* **Exercise aim**
This exercise calls for all the entries that follow to be set down exactly, without their images.

(Entries provided Opens)

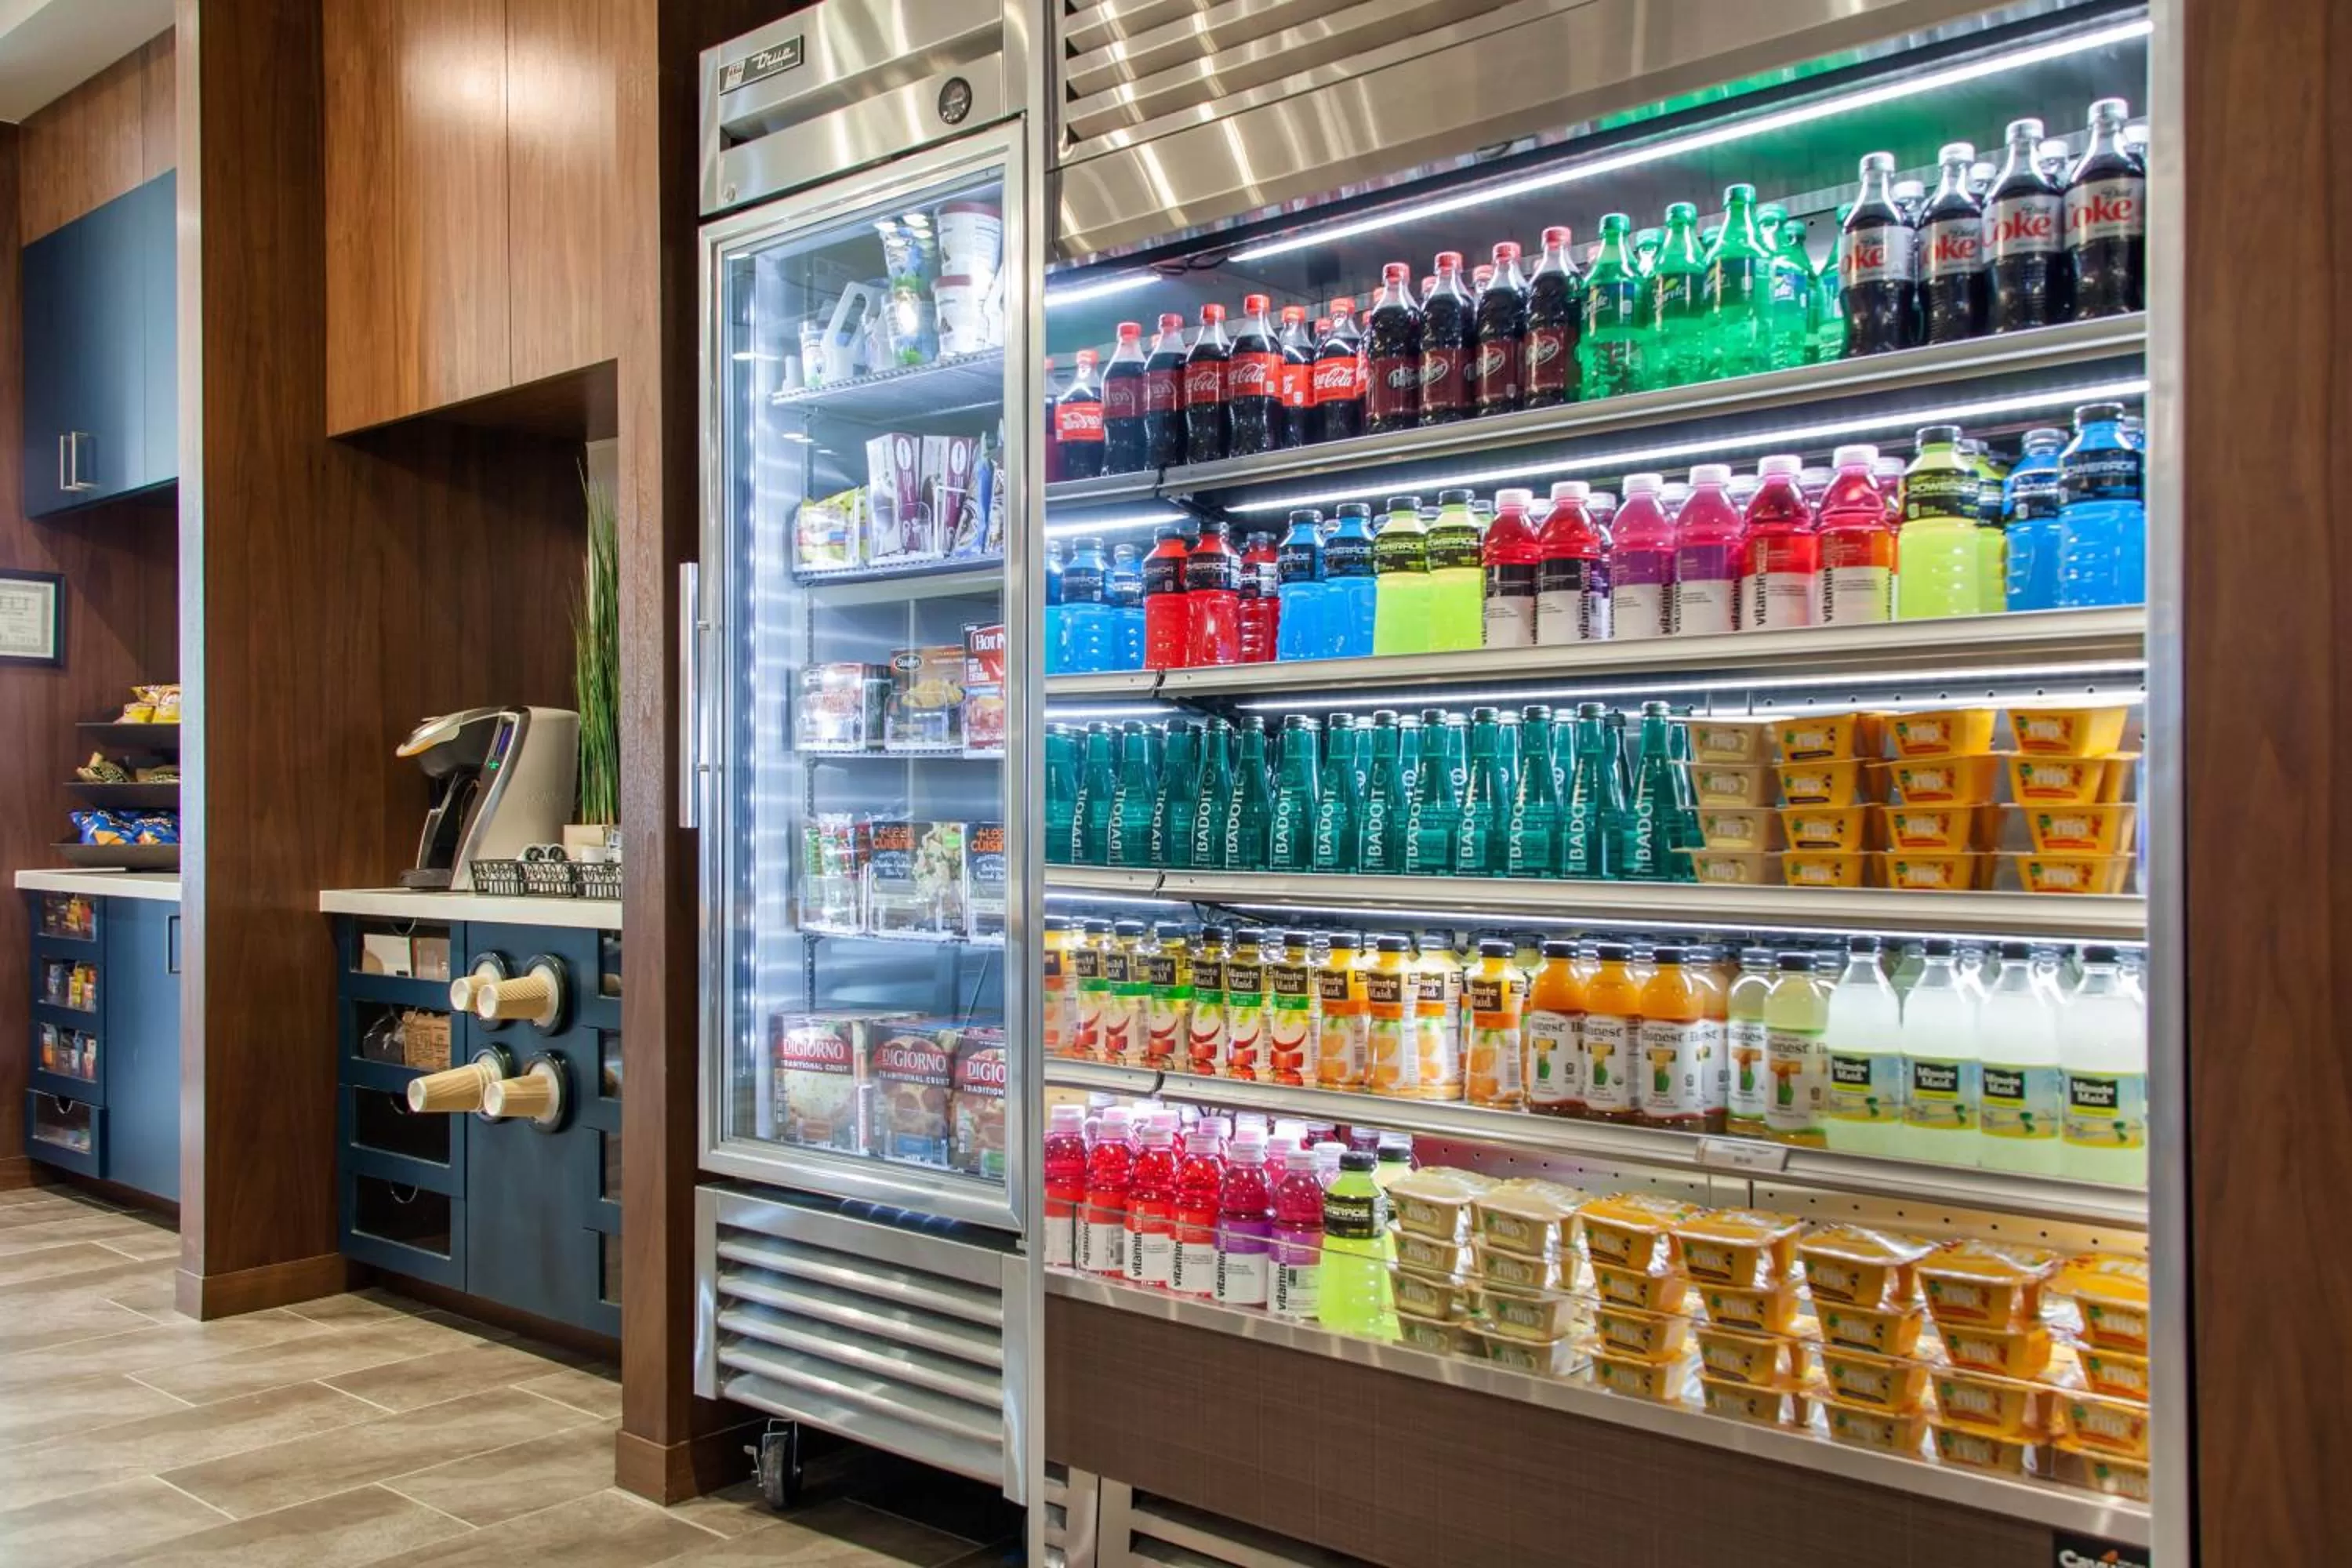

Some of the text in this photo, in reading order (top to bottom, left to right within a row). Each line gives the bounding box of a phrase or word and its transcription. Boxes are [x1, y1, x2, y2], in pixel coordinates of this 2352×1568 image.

[1841, 247, 1886, 275] oke
[1922, 234, 1977, 265] oke
[1196, 787, 1214, 853] BADOIT
[1228, 787, 1245, 854] BADOIT
[1275, 787, 1292, 855] BADOIT
[1319, 787, 1337, 855] BADOIT
[1368, 787, 1385, 856] BADOIT
[1406, 787, 1425, 857] BADOIT
[1570, 787, 1588, 861] BADOIT
[1635, 787, 1654, 864] BADOIT
[963, 1085, 1004, 1097] TRADITION
[967, 1060, 1004, 1083] DIGIO
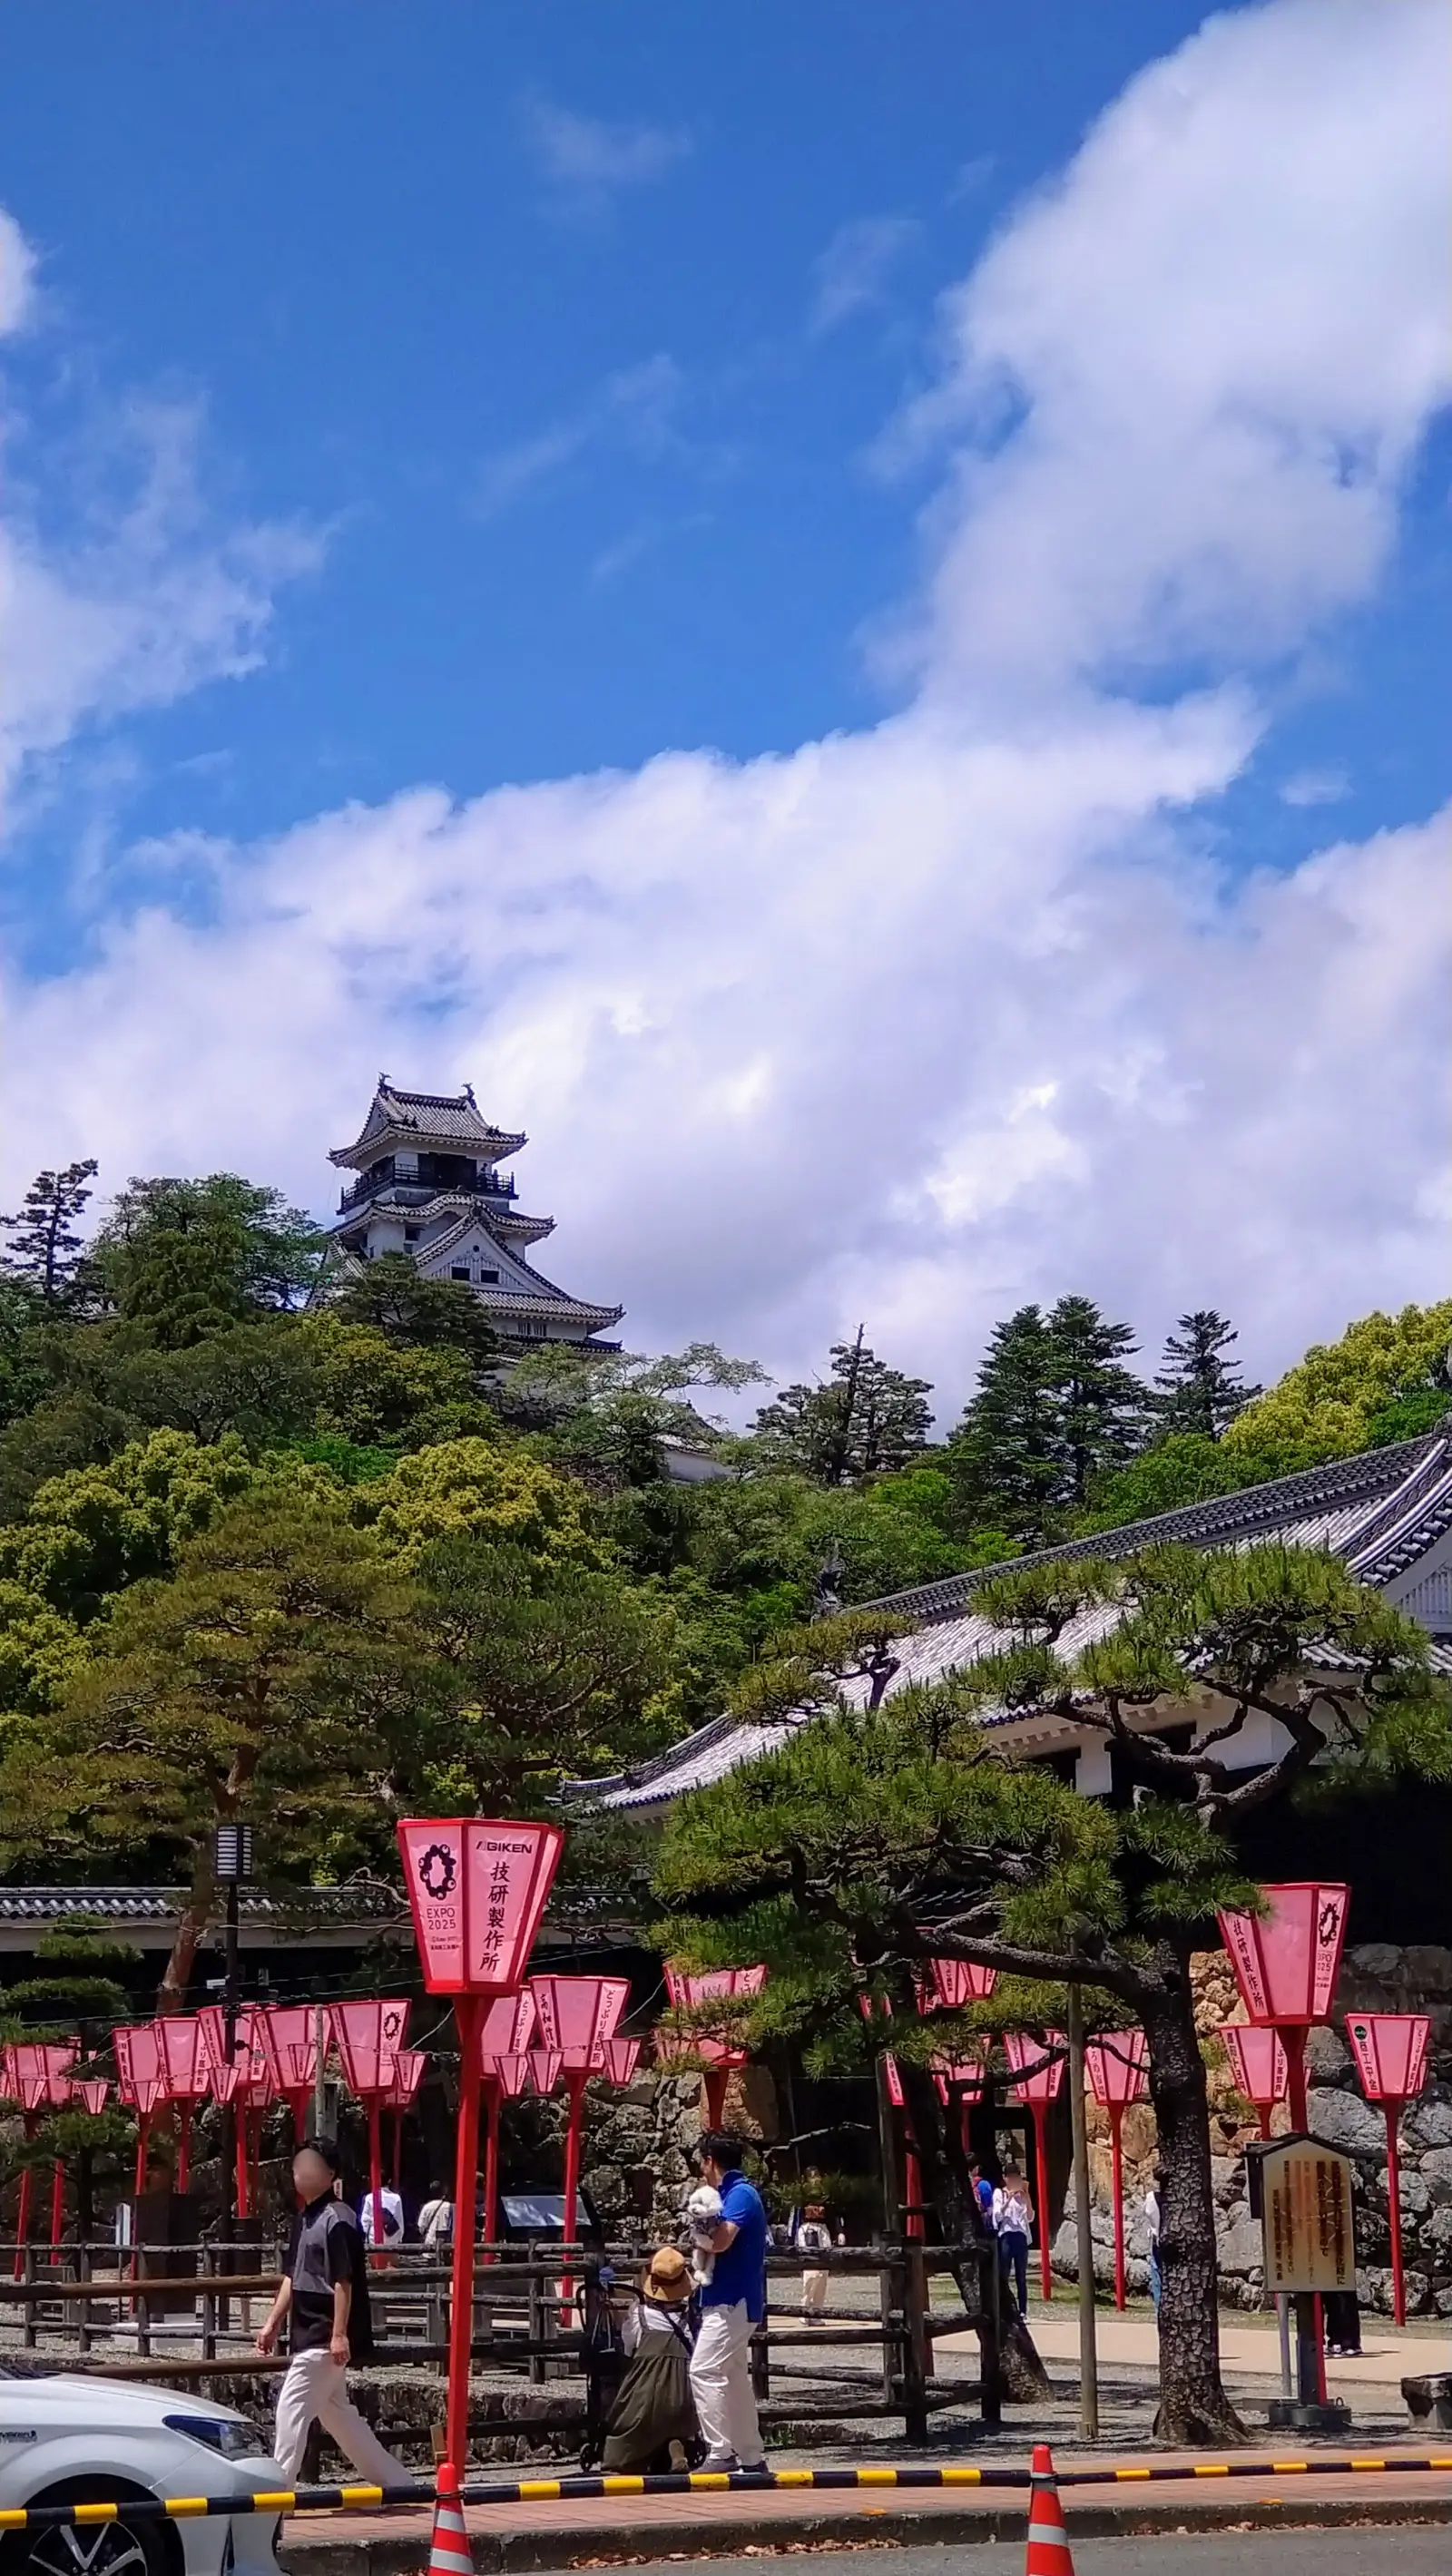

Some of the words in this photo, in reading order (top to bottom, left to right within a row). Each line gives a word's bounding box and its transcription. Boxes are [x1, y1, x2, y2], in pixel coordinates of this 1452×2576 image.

(Entries provided Closes)

* **Answer to the exercise**
Some of the text in this photo, in reading order (top to bottom, left to right within a row). Each line gives the bounding box of a phrase or word and its transcription. Boxes are [x1, y1, x2, y2], in pixel coordinates of this 2352×1568 image.

[1841, 247, 1886, 275] oke
[1922, 234, 1977, 265] oke
[1196, 787, 1214, 853] BADOIT
[1228, 787, 1245, 854] BADOIT
[1275, 787, 1292, 855] BADOIT
[1319, 787, 1337, 855] BADOIT
[1368, 787, 1385, 856] BADOIT
[1406, 787, 1425, 857] BADOIT
[1570, 787, 1588, 861] BADOIT
[1635, 787, 1654, 864] BADOIT
[963, 1085, 1004, 1097] TRADITION
[967, 1060, 1004, 1083] DIGIO

Some of the words in this photo, in reading order (top to bottom, left to right within a row). Each line gives a word's bounding box and its transcription. Boxes are [x1, y1, x2, y2], in pixel coordinates of this 1452×2576 image.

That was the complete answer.